PROBLEM STATEMENT -> Each line from the one holding "this 1280×993 image." to the end of the data below must be output verbatim, with no other lines.

### DATA SHOWN ###

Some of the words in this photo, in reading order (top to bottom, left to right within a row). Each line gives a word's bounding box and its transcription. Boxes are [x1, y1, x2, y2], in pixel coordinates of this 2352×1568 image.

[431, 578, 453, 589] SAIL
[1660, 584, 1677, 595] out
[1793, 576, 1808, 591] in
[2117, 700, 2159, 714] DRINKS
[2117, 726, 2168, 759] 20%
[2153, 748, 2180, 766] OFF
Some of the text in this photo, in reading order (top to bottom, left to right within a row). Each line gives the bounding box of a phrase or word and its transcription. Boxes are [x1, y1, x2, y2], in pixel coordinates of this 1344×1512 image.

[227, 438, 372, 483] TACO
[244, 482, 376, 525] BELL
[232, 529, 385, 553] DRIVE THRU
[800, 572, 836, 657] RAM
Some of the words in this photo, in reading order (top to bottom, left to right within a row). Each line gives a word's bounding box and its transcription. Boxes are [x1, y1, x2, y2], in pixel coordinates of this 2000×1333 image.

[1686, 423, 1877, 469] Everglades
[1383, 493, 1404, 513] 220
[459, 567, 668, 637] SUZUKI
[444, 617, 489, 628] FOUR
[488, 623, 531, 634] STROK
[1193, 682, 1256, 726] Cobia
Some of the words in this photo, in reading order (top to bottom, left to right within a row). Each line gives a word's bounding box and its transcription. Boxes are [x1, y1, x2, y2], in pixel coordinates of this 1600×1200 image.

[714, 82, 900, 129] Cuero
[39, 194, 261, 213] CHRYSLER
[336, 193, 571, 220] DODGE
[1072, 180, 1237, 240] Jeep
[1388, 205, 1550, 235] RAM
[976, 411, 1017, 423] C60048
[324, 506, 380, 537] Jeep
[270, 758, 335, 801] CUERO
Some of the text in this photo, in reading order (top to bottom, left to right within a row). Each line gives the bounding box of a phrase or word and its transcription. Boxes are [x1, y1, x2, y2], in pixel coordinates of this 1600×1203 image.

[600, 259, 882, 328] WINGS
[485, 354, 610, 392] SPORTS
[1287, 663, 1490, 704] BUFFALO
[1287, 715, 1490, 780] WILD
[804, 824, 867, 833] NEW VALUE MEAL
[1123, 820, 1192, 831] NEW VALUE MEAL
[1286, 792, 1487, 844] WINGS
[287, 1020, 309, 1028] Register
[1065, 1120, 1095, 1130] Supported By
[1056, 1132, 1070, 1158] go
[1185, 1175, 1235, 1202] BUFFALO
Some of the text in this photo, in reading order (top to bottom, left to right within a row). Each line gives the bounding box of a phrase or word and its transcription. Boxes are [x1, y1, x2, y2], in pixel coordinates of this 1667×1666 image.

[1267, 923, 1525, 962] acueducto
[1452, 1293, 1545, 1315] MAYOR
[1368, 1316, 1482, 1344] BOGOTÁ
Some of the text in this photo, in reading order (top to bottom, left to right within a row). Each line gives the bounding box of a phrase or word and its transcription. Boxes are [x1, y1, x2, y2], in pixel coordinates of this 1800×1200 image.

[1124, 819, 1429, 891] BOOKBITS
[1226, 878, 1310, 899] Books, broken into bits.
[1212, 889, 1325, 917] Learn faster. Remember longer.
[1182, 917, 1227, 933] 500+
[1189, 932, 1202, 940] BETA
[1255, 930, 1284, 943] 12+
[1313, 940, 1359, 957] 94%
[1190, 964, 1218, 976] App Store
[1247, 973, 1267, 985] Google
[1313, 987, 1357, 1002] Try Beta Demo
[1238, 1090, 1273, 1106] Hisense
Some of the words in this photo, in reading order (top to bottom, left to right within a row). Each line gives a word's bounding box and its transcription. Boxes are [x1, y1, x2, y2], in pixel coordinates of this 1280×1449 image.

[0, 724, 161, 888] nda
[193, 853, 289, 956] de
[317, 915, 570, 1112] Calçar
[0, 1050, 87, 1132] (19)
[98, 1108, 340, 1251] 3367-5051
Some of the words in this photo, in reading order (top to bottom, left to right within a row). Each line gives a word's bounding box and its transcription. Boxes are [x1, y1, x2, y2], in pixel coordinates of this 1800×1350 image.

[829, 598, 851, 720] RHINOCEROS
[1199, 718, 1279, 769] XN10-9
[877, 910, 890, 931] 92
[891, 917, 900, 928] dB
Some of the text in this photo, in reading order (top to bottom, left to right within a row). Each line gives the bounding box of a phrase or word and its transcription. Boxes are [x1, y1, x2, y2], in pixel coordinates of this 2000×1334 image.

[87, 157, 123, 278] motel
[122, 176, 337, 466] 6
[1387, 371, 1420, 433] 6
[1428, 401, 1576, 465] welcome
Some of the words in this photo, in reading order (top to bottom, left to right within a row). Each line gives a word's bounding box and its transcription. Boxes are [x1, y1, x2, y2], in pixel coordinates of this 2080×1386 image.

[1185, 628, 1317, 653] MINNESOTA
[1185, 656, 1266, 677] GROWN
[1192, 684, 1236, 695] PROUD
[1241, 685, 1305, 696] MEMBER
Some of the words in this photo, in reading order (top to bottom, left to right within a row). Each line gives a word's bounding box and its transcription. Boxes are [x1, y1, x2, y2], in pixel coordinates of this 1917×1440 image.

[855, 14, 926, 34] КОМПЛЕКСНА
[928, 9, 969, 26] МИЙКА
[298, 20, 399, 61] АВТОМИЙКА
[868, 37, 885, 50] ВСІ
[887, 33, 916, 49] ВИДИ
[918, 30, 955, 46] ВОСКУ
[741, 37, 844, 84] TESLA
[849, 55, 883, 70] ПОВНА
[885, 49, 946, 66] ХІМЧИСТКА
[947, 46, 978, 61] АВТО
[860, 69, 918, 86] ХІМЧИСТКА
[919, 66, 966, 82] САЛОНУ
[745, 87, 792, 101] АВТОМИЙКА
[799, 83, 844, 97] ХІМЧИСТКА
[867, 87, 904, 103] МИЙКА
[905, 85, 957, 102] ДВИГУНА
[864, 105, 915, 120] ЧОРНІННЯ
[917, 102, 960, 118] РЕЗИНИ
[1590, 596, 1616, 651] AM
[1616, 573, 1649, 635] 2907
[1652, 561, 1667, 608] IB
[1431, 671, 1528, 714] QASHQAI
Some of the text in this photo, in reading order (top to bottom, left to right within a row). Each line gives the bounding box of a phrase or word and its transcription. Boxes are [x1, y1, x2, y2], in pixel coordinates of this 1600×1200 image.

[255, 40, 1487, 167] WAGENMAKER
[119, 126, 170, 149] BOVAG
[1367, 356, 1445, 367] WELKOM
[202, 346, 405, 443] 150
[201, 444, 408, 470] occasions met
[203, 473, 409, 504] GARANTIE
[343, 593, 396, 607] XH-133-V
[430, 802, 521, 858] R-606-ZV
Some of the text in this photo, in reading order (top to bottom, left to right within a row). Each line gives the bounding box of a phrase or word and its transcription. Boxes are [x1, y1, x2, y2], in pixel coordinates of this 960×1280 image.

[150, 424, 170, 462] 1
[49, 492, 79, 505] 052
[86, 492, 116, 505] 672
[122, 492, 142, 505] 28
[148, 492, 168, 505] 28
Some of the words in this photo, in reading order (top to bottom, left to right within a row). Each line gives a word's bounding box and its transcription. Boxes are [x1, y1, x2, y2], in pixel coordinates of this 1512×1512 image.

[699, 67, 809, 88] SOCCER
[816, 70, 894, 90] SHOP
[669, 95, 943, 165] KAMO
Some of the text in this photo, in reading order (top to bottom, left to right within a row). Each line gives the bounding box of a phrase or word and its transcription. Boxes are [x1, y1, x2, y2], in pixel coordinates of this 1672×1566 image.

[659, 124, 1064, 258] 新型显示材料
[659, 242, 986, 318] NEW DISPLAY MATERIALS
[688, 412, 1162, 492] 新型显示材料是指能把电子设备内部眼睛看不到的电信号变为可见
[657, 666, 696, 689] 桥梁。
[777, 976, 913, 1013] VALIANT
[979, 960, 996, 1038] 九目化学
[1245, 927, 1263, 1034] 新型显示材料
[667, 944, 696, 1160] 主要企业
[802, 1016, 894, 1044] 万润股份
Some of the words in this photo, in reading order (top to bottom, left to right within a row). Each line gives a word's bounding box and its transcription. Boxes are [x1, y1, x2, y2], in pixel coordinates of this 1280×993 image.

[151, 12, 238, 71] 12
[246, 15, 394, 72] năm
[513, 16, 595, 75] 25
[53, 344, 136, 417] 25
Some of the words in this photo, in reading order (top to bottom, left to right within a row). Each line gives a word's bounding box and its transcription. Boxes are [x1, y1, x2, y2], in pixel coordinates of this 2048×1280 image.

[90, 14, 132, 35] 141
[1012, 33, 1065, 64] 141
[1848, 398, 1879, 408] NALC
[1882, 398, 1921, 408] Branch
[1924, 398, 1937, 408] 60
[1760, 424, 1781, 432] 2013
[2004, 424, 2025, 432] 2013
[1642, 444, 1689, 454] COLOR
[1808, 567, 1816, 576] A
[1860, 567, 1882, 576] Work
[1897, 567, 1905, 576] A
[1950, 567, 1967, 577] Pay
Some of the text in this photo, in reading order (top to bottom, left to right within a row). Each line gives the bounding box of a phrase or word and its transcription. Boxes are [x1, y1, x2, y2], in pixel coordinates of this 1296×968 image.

###

RESULT OF THE EXERCISE ->
Some of the words in this photo, in reading order (top to bottom, left to right within a row). Each line gives a word's bounding box and its transcription. Boxes are [x1, y1, x2, y2], in pixel coordinates of this 1280×993 image.

[151, 12, 238, 71] 12
[246, 15, 394, 72] năm
[513, 16, 595, 75] 25
[53, 344, 136, 417] 25
Some of the words in this photo, in reading order (top to bottom, left to right within a row). Each line gives a word's bounding box and its transcription. Boxes are [x1, y1, x2, y2], in pixel coordinates of this 2048×1280 image.

[90, 14, 132, 35] 141
[1012, 33, 1065, 64] 141
[1848, 398, 1879, 408] NALC
[1882, 398, 1921, 408] Branch
[1924, 398, 1937, 408] 60
[1760, 424, 1781, 432] 2013
[2004, 424, 2025, 432] 2013
[1642, 444, 1689, 454] COLOR
[1808, 567, 1816, 576] A
[1860, 567, 1882, 576] Work
[1897, 567, 1905, 576] A
[1950, 567, 1967, 577] Pay
Some of the text in this photo, in reading order (top to bottom, left to right within a row). Each line gives the bounding box of a phrase or word and its transcription. Boxes are [x1, y1, x2, y2], in pixel coordinates of this 1296×968 image.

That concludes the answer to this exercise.